>>>
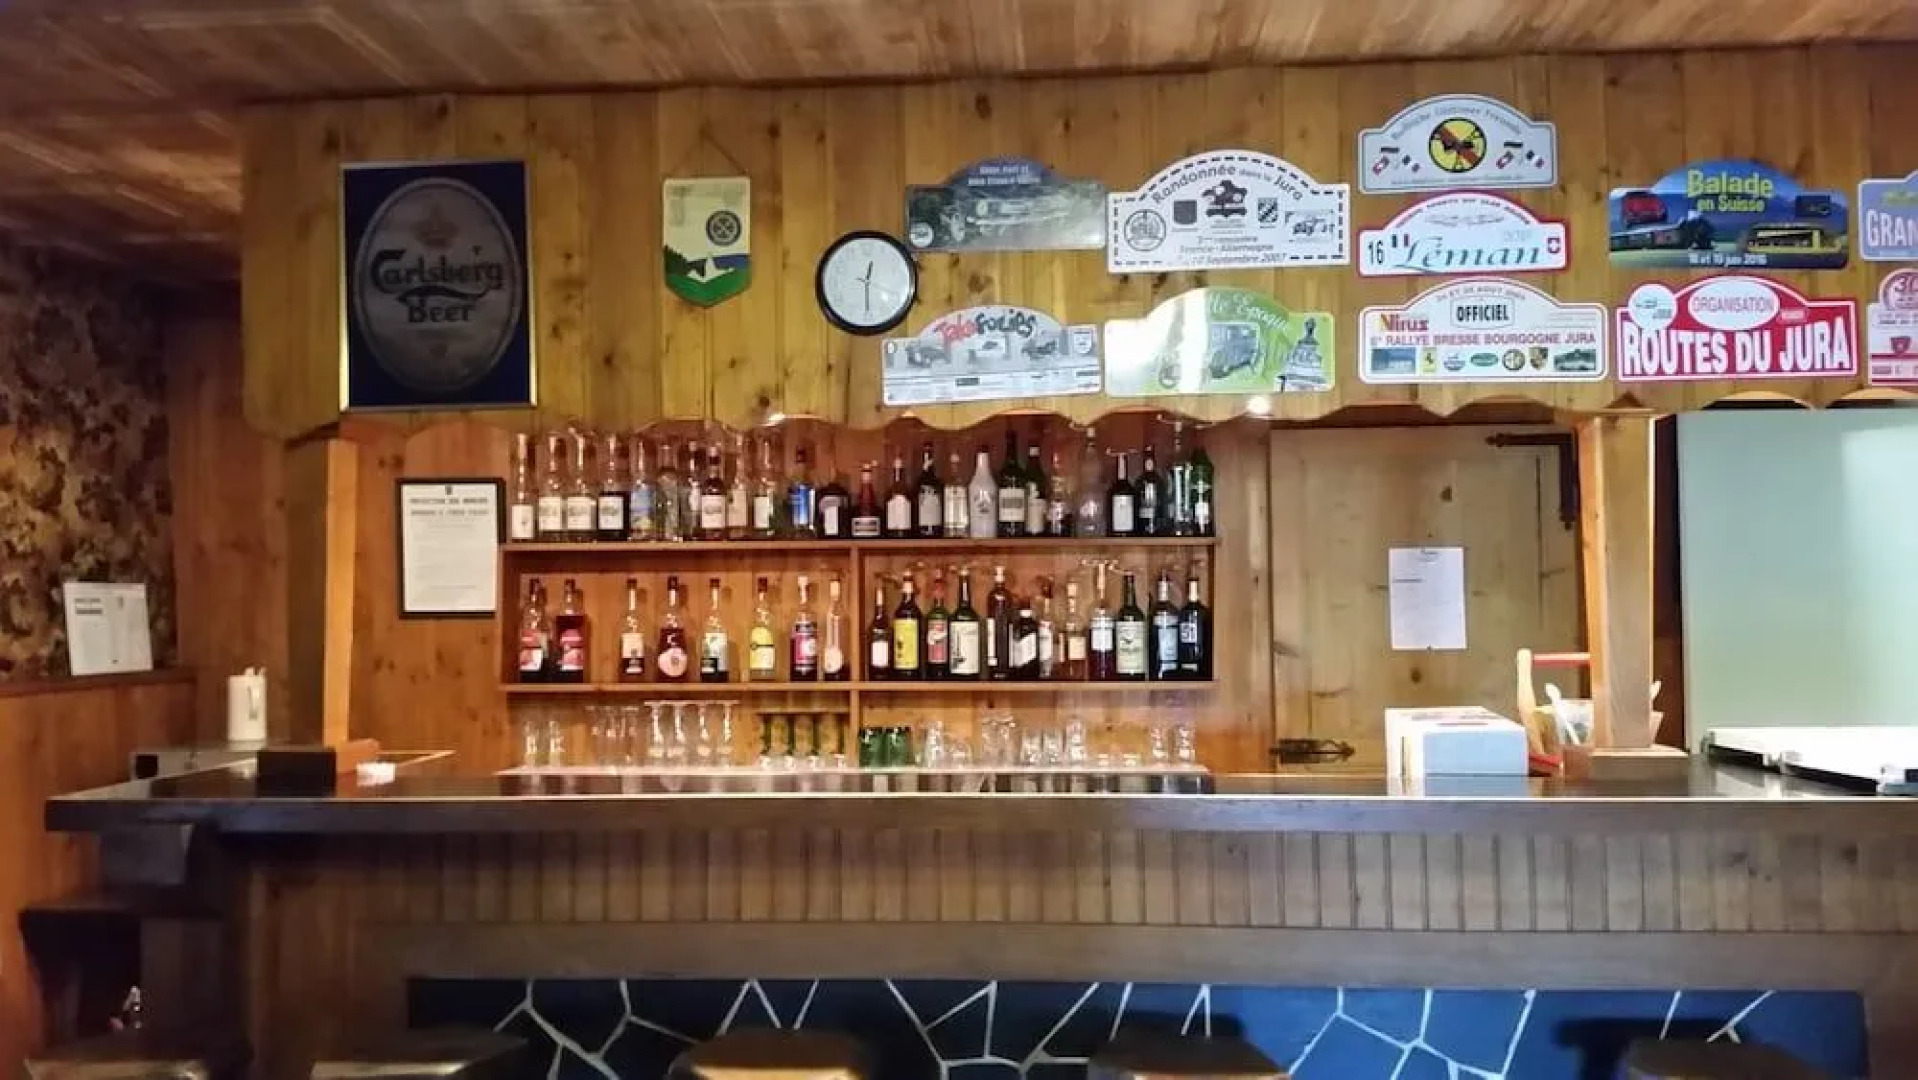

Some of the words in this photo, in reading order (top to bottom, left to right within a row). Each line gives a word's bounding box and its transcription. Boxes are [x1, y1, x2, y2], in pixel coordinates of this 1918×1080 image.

[1152, 166, 1237, 204] Randonnée
[1273, 174, 1304, 201] Jura
[1687, 168, 1774, 199] Balade
[1696, 198, 1714, 211] en
[1718, 196, 1766, 212] Suisse
[1367, 240, 1385, 266] 16
[1393, 236, 1541, 273] Léman
[371, 247, 505, 297] Carlsberg
[407, 298, 474, 324] Beer
[1456, 304, 1509, 322] OFFICIEL
[1691, 296, 1774, 313] ORGANISATION
[1386, 334, 1430, 346] RALLYE
[1433, 334, 1481, 346] BRESSE
[1484, 333, 1561, 345] BOURGOGNE
[1565, 332, 1597, 344] JURA
[1622, 320, 1729, 375] ROUTES
[1734, 330, 1773, 373] DU
[1779, 316, 1850, 372] JURA
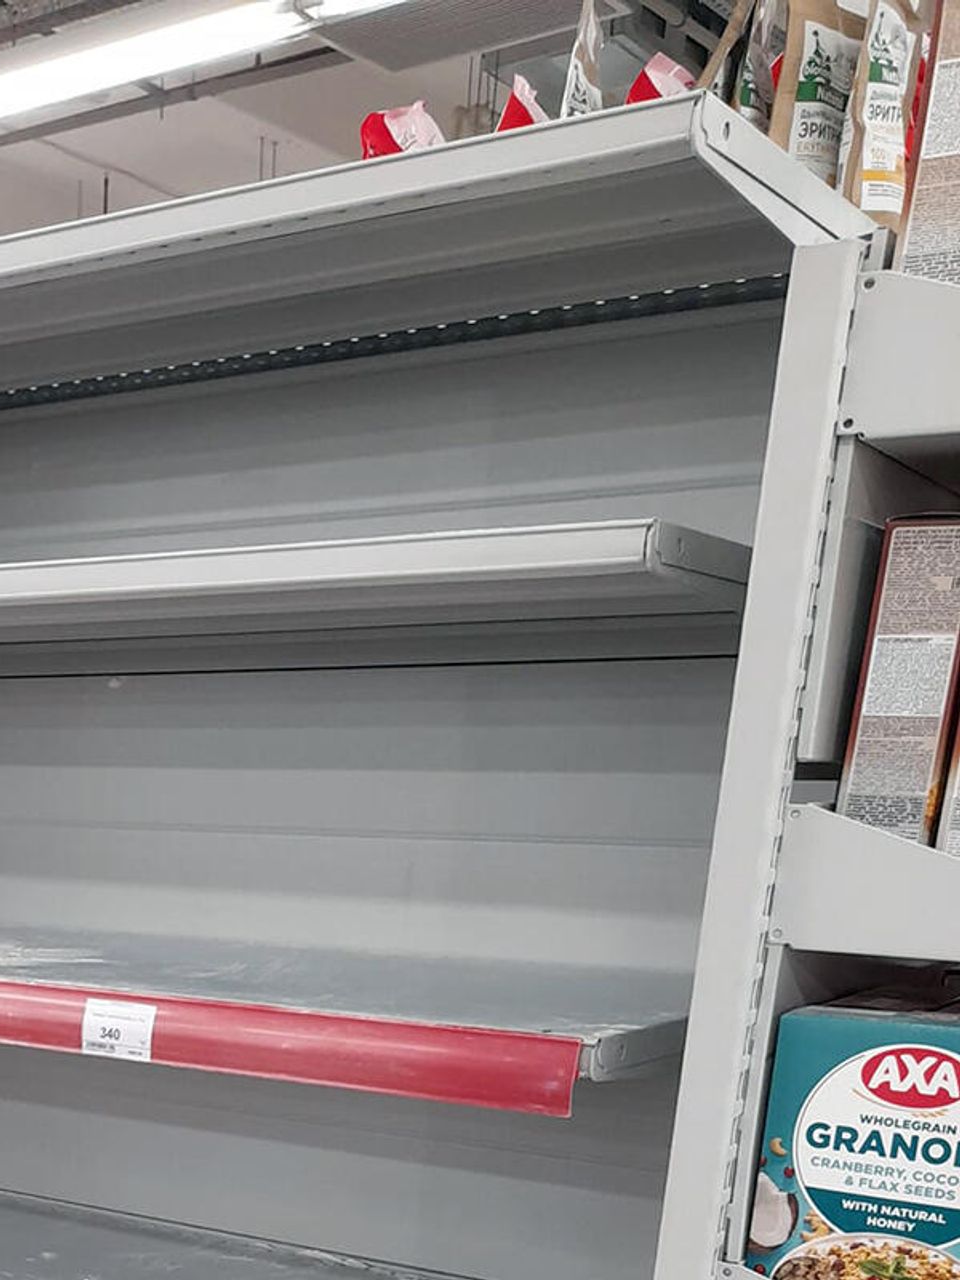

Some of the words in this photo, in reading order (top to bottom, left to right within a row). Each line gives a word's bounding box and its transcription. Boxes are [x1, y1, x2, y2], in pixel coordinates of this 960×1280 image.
<<<
• _YOUR OBJECTIVE_: Repeat the records in full, exactly as they appear, but with the pictures removed.

• _RESULT OF THE EXERCISE_:
Some of the words in this photo, in reading order (top to bottom, left to right within a row). Each line gives a word's bounding box and its transcription. Boxes are [x1, y1, x2, y2], in pixel coordinates of this 1918×1080 image.

[1152, 166, 1237, 204] Randonnée
[1273, 174, 1304, 201] Jura
[1687, 168, 1774, 199] Balade
[1696, 198, 1714, 211] en
[1718, 196, 1766, 212] Suisse
[1367, 240, 1385, 266] 16
[1393, 236, 1541, 273] Léman
[371, 247, 505, 297] Carlsberg
[407, 298, 474, 324] Beer
[1456, 304, 1509, 322] OFFICIEL
[1691, 296, 1774, 313] ORGANISATION
[1386, 334, 1430, 346] RALLYE
[1433, 334, 1481, 346] BRESSE
[1484, 333, 1561, 345] BOURGOGNE
[1565, 332, 1597, 344] JURA
[1622, 320, 1729, 375] ROUTES
[1734, 330, 1773, 373] DU
[1779, 316, 1850, 372] JURA

Some of the words in this photo, in reading order (top to bottom, left to right within a row). Each line gives a word's bounding box and its transcription. Boxes are [x1, y1, x2, y2], in pixel coordinates of this 960×1280 image.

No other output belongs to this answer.